Who We Are

The Evangelical Anglican Church in America adheres to the Holy Catholic Faith delivered to the Saints. We affirm the Apostolic Tradition, especially as expressed by the Seven Ecumenical Councils of the undivided Church, to the exclusion of all errors, ancient and modern. We affirm the Old and New Testaments as an inspired conversation between God and God’s people. We look towards the early church Fathers and Mothers as some of our most reliable witnesses, for they were taught by the Apostles themselves. We believe the scriptures are to be interpreted thru an Anglican lens of reason, tradition respect for diversity of experience and opinion.  We likewise affirm The Nicene Creed, the Apostles Creed, and the Creed of St. Athanasius as “Statements of Faith.”

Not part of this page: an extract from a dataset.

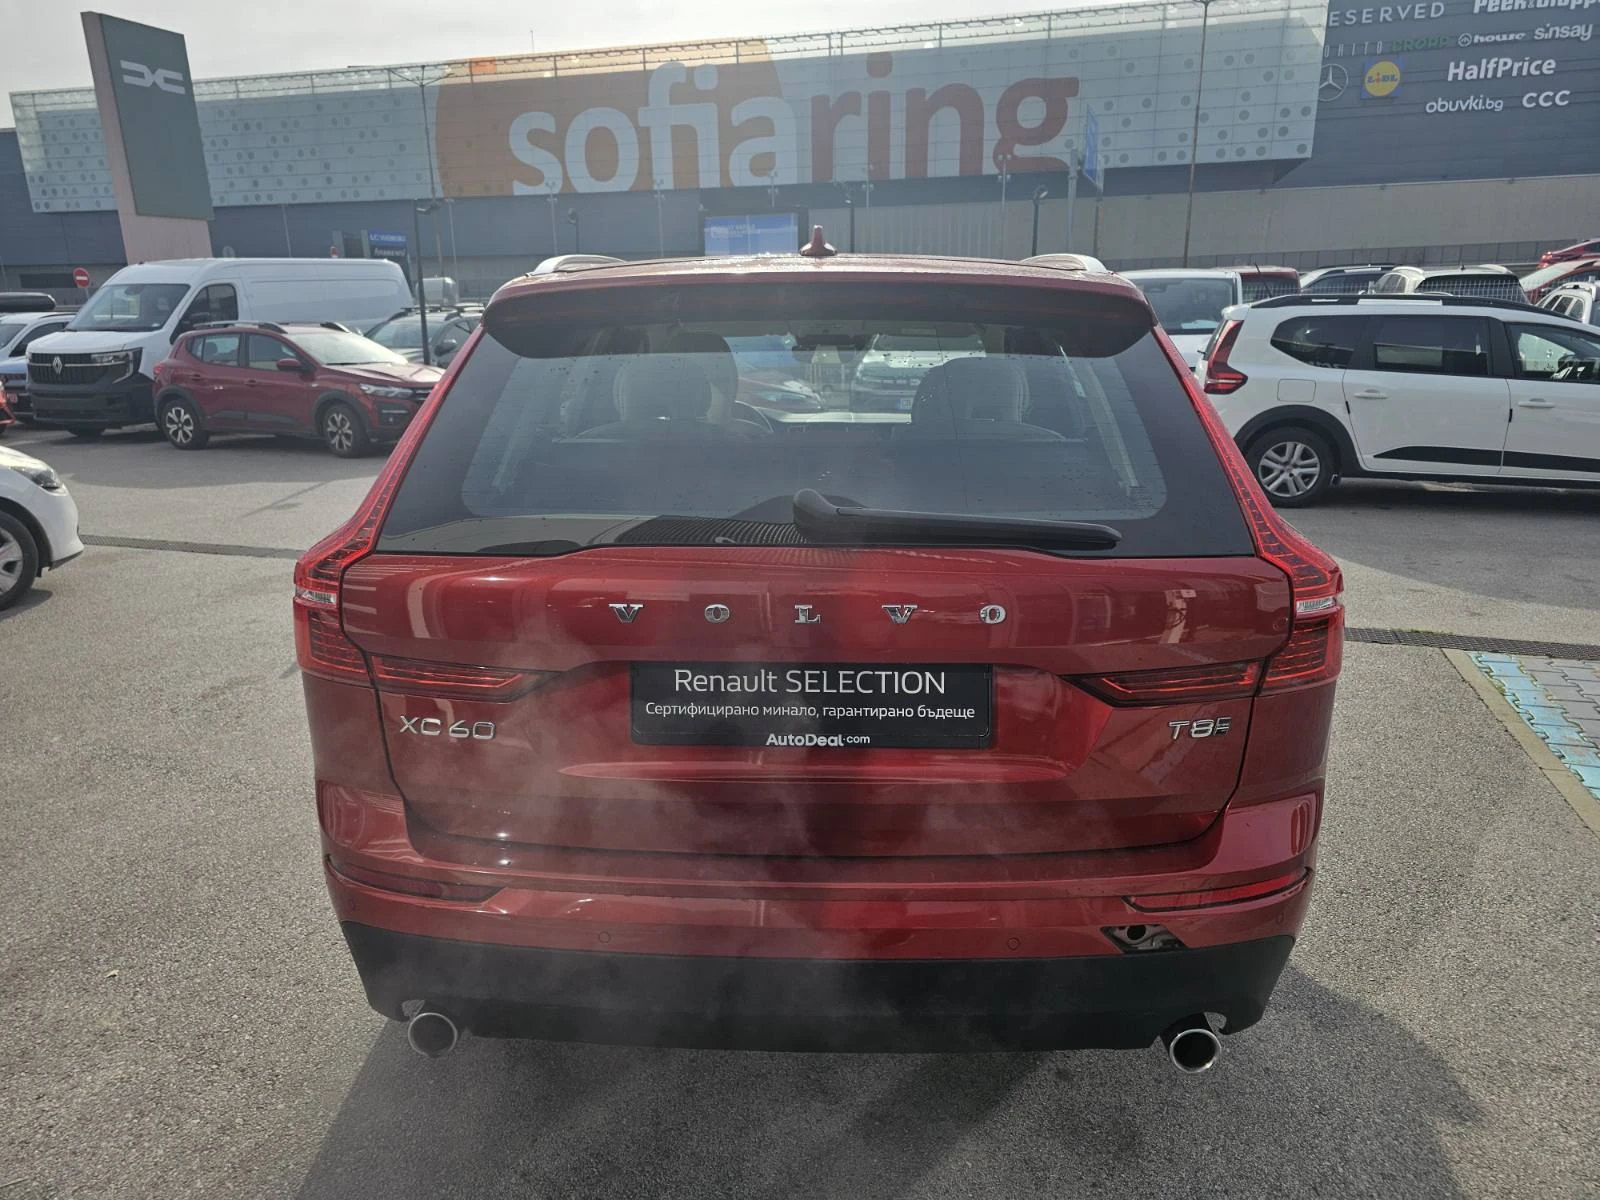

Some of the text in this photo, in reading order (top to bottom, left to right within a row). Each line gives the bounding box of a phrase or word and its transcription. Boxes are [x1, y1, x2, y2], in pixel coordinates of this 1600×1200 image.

We acknowledge the Sacraments of Baptism, Confirmation, the Holy Eucharist, Holy Matrimony, Holy Orders, Penance and Unction of the Sick as objective and effective signs of the continuing presence and saving activity of Christ our Lord among His people and as His covenanted means of conveying His grace. We practice the Veneration of the Ever-Blessed Virgin – The Mother of God, of the angels and the Saints and prayers for the faithful departed. Images of Christ, Blessed Mary his human mother and the Saints are to be held and kept with due reverence, because the honor shown to them is referred to the prototypes they represent.

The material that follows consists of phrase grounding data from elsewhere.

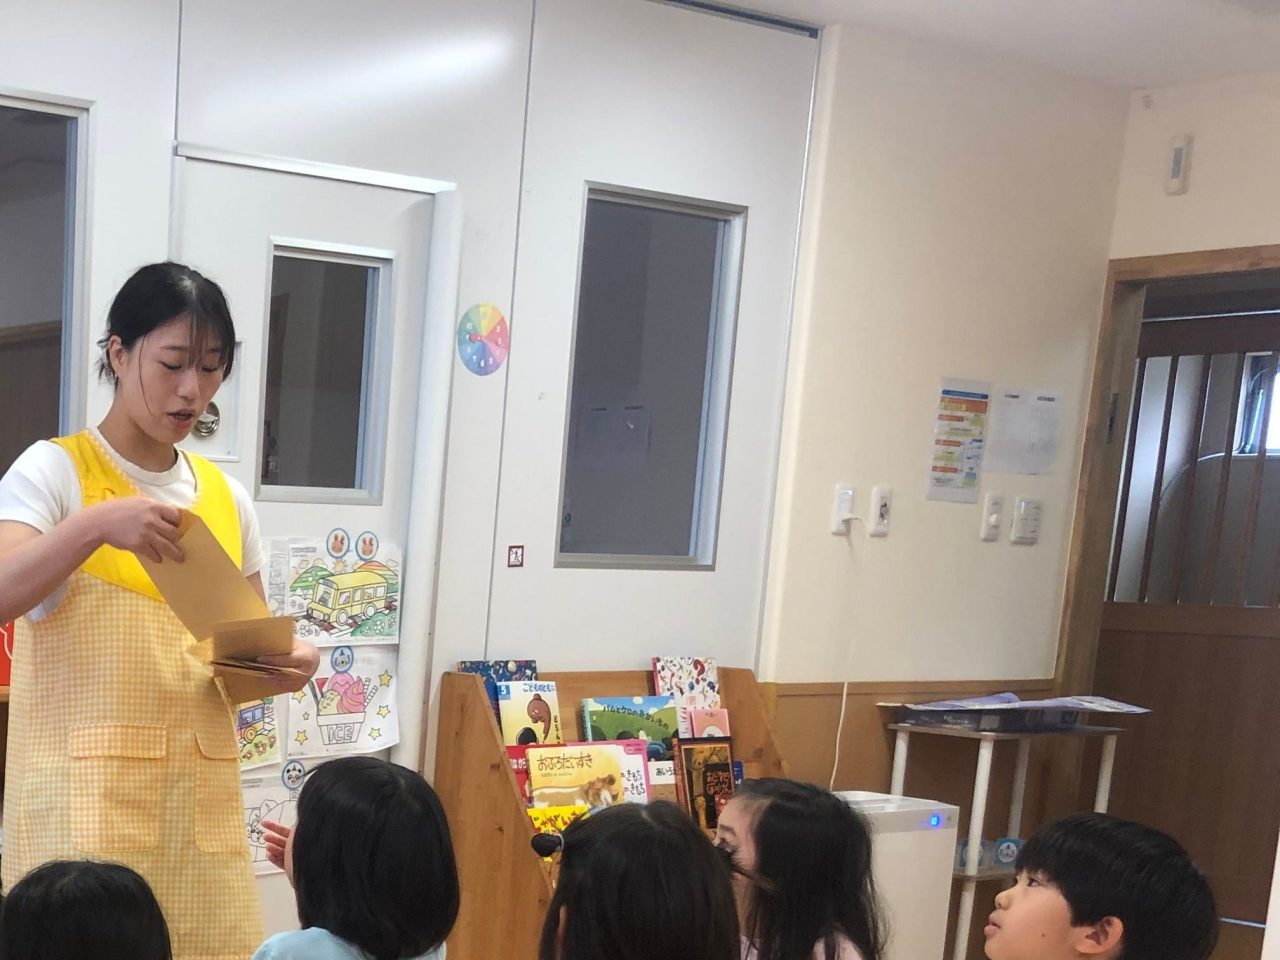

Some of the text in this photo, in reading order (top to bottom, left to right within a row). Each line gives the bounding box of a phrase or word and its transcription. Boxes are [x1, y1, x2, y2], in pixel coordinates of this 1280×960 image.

[327, 723, 354, 743] ICE
[537, 752, 593, 772] おふろだいすき
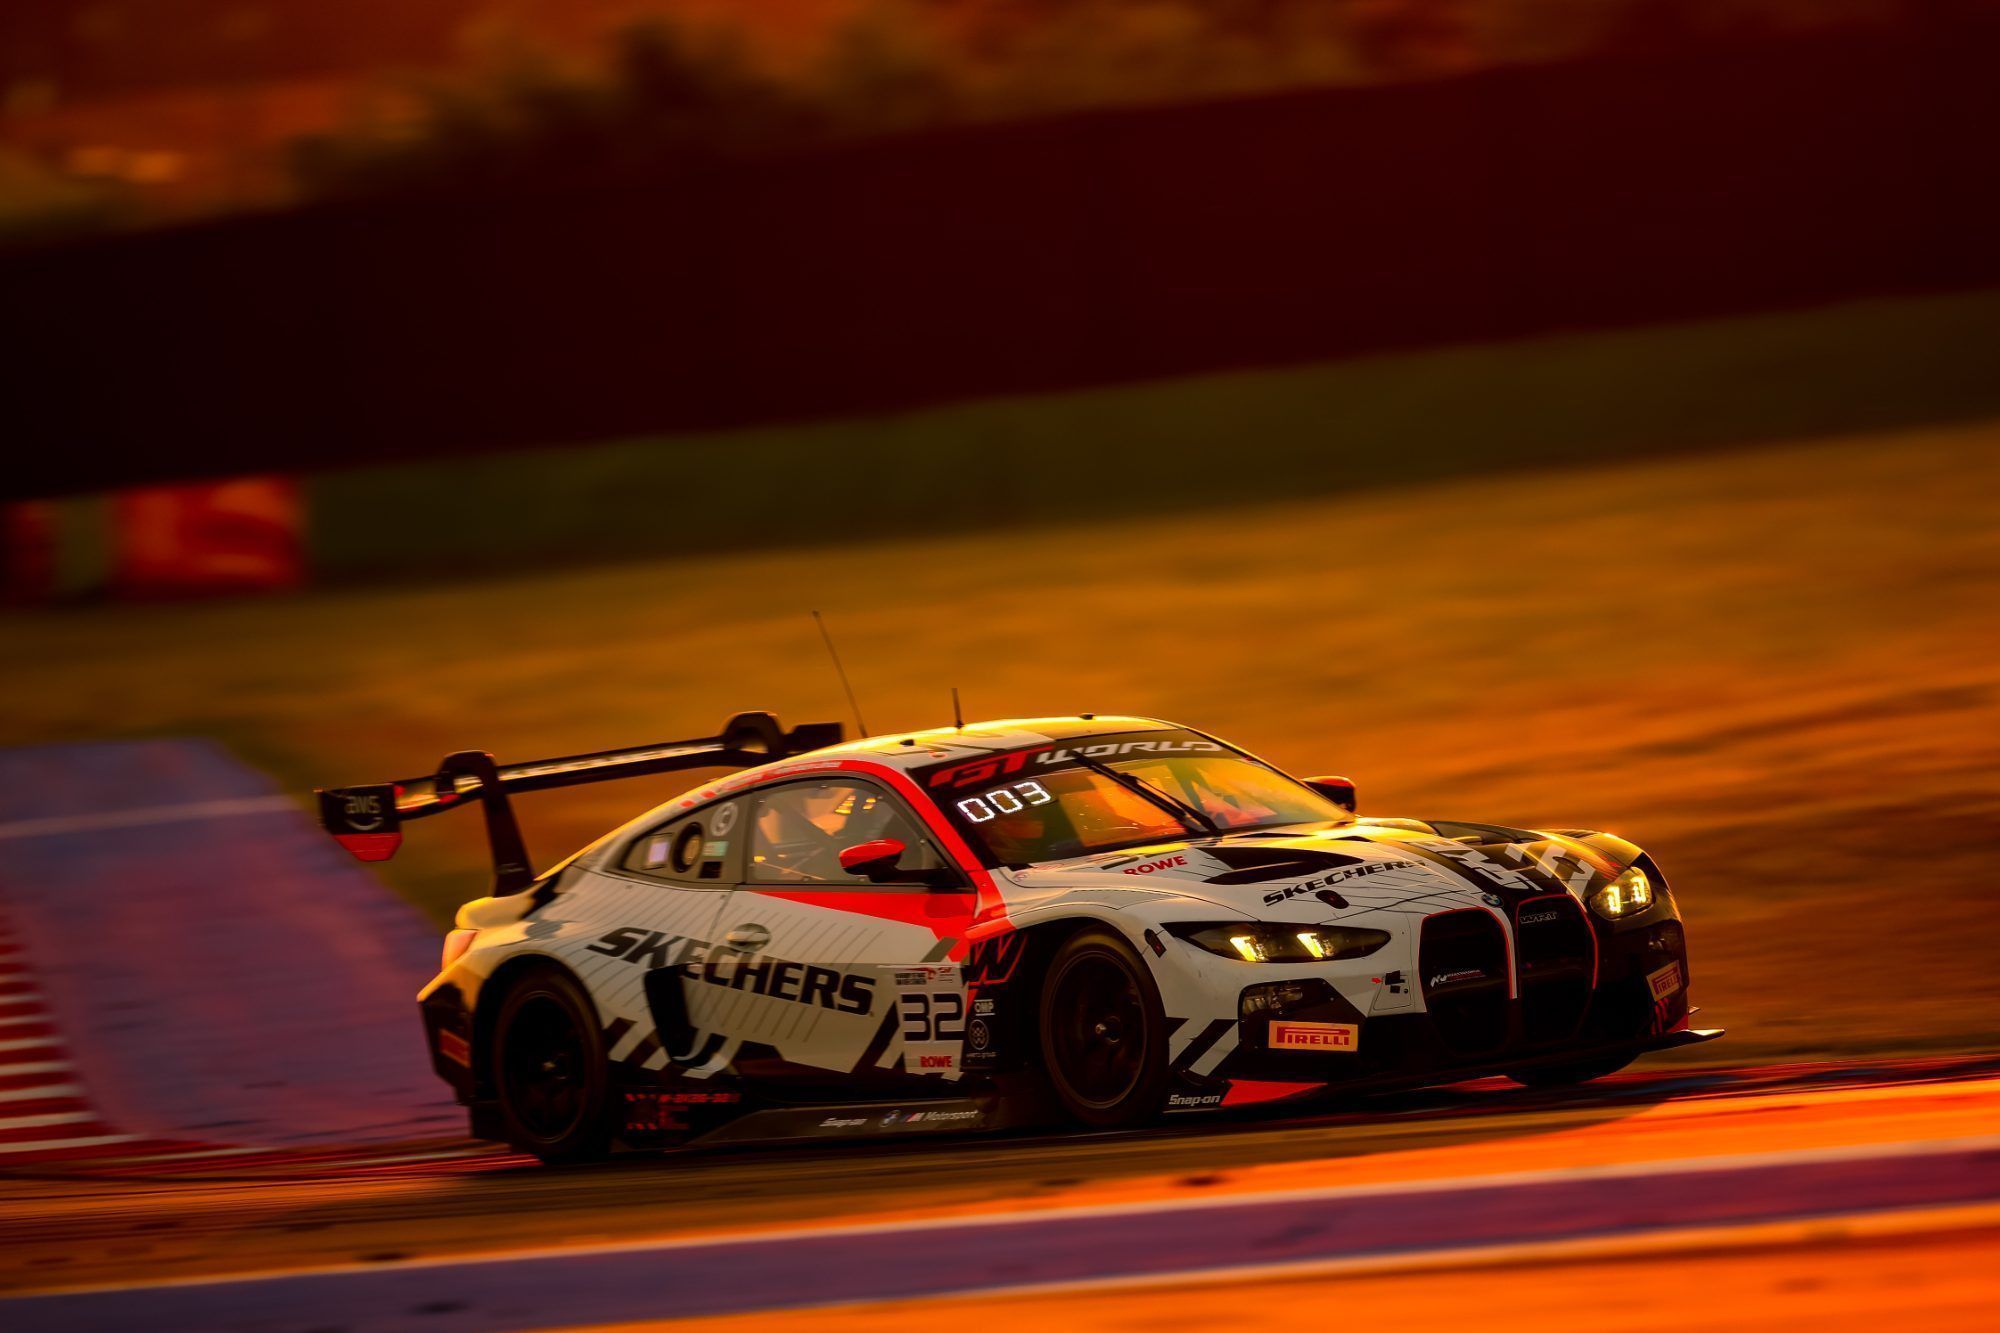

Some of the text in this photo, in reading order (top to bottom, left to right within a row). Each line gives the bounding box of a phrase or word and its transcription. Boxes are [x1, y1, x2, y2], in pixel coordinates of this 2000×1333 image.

[1036, 741, 1223, 765] WORLD
[344, 795, 383, 815] aws
[957, 782, 1052, 823] 003
[1124, 856, 1188, 876] ROWE
[1263, 860, 1427, 906] SKECHERS
[585, 927, 876, 1016] SKECHERS
[901, 993, 966, 1042] 32
[1276, 1026, 1350, 1046] PIRELLI
[920, 1056, 953, 1068] ROWE
[1168, 1094, 1221, 1107] Snap-on

We believe that what we teach in our small Anglican corner of the Catholic Church only has meaning if it is consonant with what the Church as a whole has always taught. Therefore we understand the Thirty-Nine Articles of Faith in light of the universal witness of the early Church to the meaning of Holy Scripture. We subscribe to the Thirty-Nine Articles of Faith in so far as they reflect that very ancient teaching. We celebrate the place of the Articles within our tradition as a distillation of the teaching of the historic Catholic Church. The Articles, we believe, ought to be able to set the terms of theological debate and so we read them by seeking their meaning in the context of contemporary society and plain reason.

We believe in Respect, Diversity, Inclusion and Welcome. The Church should be one which doesn’t discriminate on any level on the grounds of class, gender, physical challenge, marital status, race or sexual orientation/identity. The Church, for us, is one that serves all people in the name of Jesus Christ; which is scripturally faithful; which seeks to proclaim the Gospel afresh for each generation; and which, in the power of the Holy Spirit, allows all people to grasp how wide and long and high and deep is the love of Jesus Christ.

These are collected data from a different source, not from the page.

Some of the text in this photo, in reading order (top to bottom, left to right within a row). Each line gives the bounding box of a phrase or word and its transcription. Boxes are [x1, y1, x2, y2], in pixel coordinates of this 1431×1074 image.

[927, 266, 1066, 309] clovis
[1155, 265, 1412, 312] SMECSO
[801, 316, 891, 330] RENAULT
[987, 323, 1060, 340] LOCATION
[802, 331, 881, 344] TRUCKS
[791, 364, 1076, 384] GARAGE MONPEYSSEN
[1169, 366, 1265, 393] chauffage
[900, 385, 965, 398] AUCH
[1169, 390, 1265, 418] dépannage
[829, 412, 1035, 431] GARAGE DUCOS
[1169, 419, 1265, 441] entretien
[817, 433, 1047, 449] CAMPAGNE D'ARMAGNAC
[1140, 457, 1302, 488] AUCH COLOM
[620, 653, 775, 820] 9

Believing that Anglicanism is Catholic by its very nature, we not only use the New Zeeland Book of Common Prayer as the standard for our worship life, but believe it to be the liturgy par excellence for Catholic worship and teaching the Catholic faith.  As we embrace Anglicanism, we therefore also embrace all authorized Books of Common Prayer within the communion. However, while ample scope is provided for Low Church as well as Charismatic worship, we are partial to the High Church tradition which stresses fidelity to the prayer book as a matter of faith. After all most of what we say in the Prayer Book liturgy is scripture itself formed into prayer. That which is not quoted from scripture directly is most often taken from ancient prayers written by the great Saints of the early Church. Liturgy is both an expression of and teacher of faith. Liturgy is participatory, dynamic and relational. When we participate in liturgy we encounter God, learning who Spirit is and who we are in relation to Spirit by worshiping it, hearing its Word proclaimed and receiving its grace through the Sacraments.

The Prayer Book gives the faithful access to the liturgy in one concise volume that is written in the language of the people. One of the major functions of liturgy is to form people in the faith. By using a common prayer book the faithful themselves participate in the prayers and the worship so as to be incorporated into the mystery of God’s self-revelation in Word and Sacrament.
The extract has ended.